Recently I started reading Ethan Bloch's "A First Course in Geometric Topology and Differential Geometry" and I came upon this exercise to deduce the Jordan Curve Theorem from the Schönflies Theorem:
Schönflies Theorem: Let $C\subseteq \mathbb{R}^2$ be a 1-sphere (homeomorphic image of $S^1$). Then there is a homeomorphism $H: \mathbb{R}^2 \rightarrow \mathbb{R}^2$ such that $H(S^1)=C$ and $H$ is the identity map outside a disk (homeomorphic image of $D^2$).
Jordan Curve Theorem: Let $C\subseteq \mathbb{R}^2$ be a 1-sphere.
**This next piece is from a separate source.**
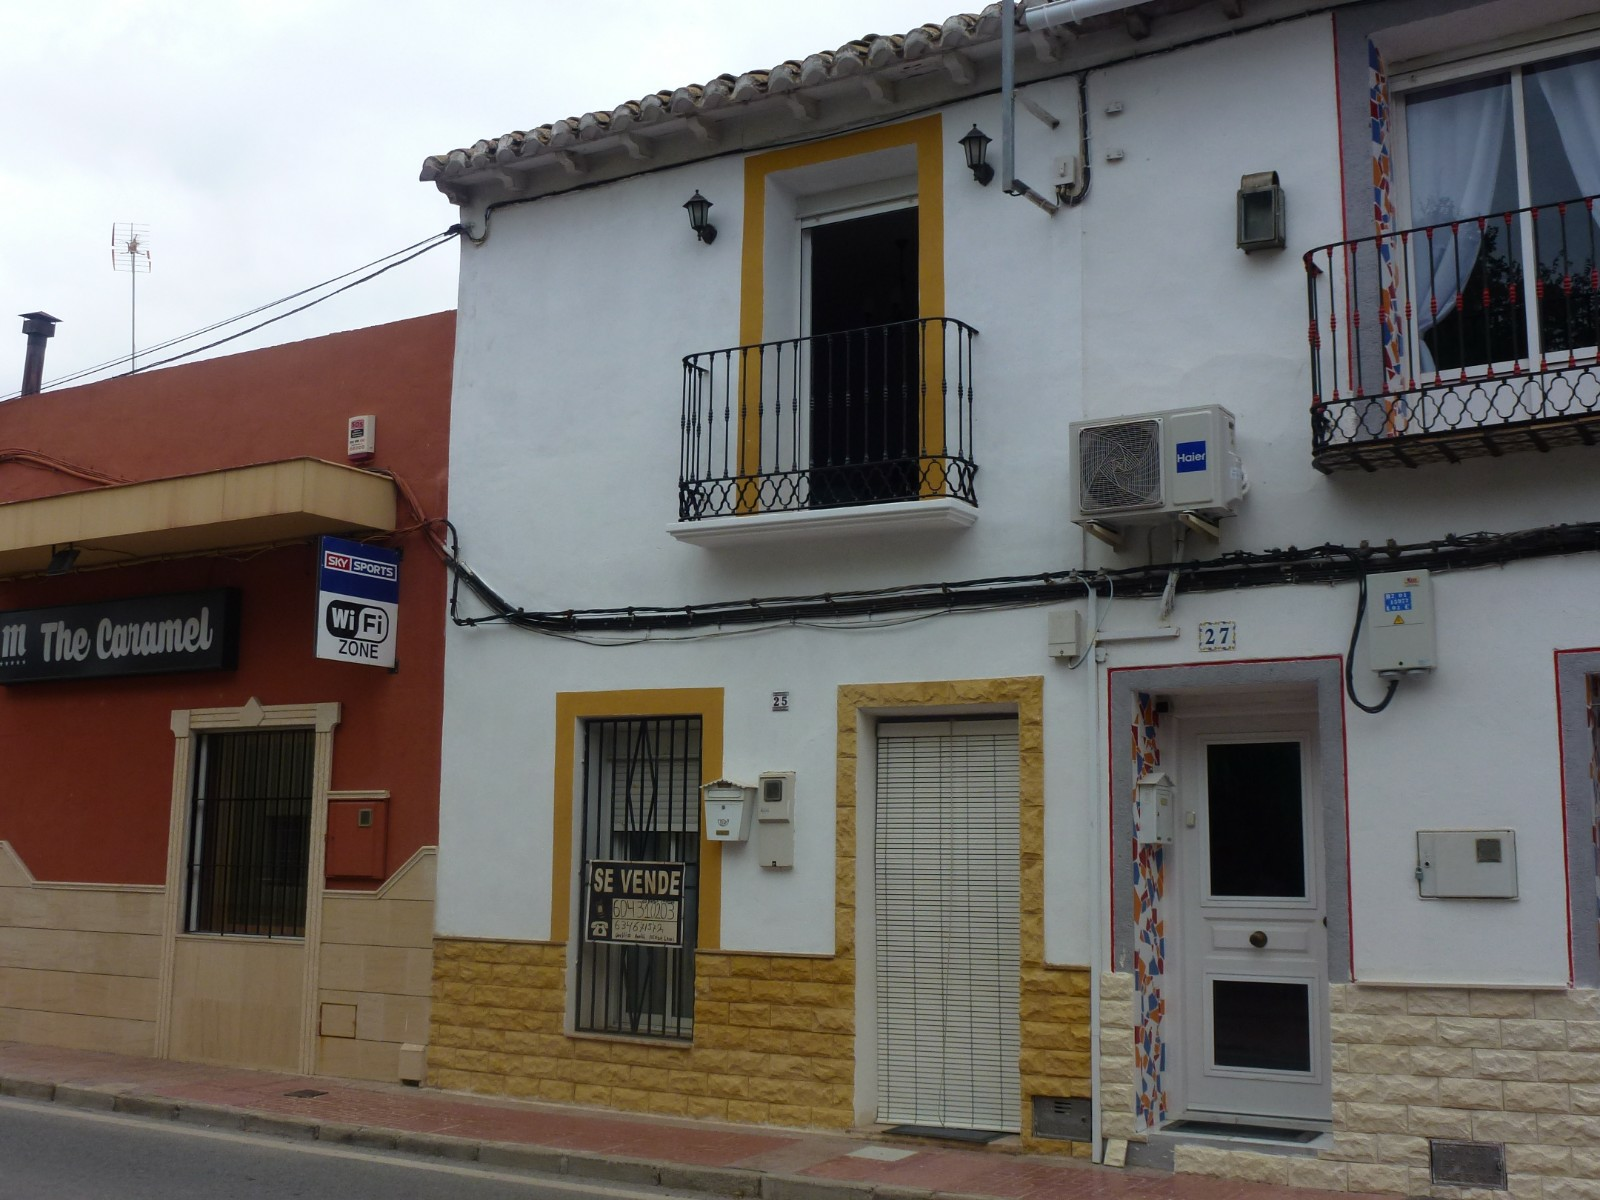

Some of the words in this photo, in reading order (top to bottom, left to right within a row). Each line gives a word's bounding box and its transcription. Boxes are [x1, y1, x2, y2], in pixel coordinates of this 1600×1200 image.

Then $(1)$ the set $\mathbb{R}^2 \setminus C$ has pricisely two components, one of which is bounded and one of which is unbounded and $(2)$ the union of $C$ and the bounded component is a disk, of which $C$ is the boundary.
My attempt so far:
(1) $\mathbb{R}^2 \setminus C = H(\mathbb{R}^2 \setminus S^1) = H(\mathbb{R}^2 \setminus D^2)\cup H(intD^2)$ (disjoined)
- $H(intD^2) \subseteq H(D^2)$ which is a continuous image of a compact set and therefore is compact (especially bounded). Hence $H(intD^2)$ is also bounded.
- Since the unbounded $\mathbb{R}^2 = H(\mathbb{R}^2 \setminus D^2)\cup H(intD^2) \cup C$ and $C$ is compact (therefore bounded) we must have that $H(\mathbb{R}^2 \setminus D^2)$ is unbounded.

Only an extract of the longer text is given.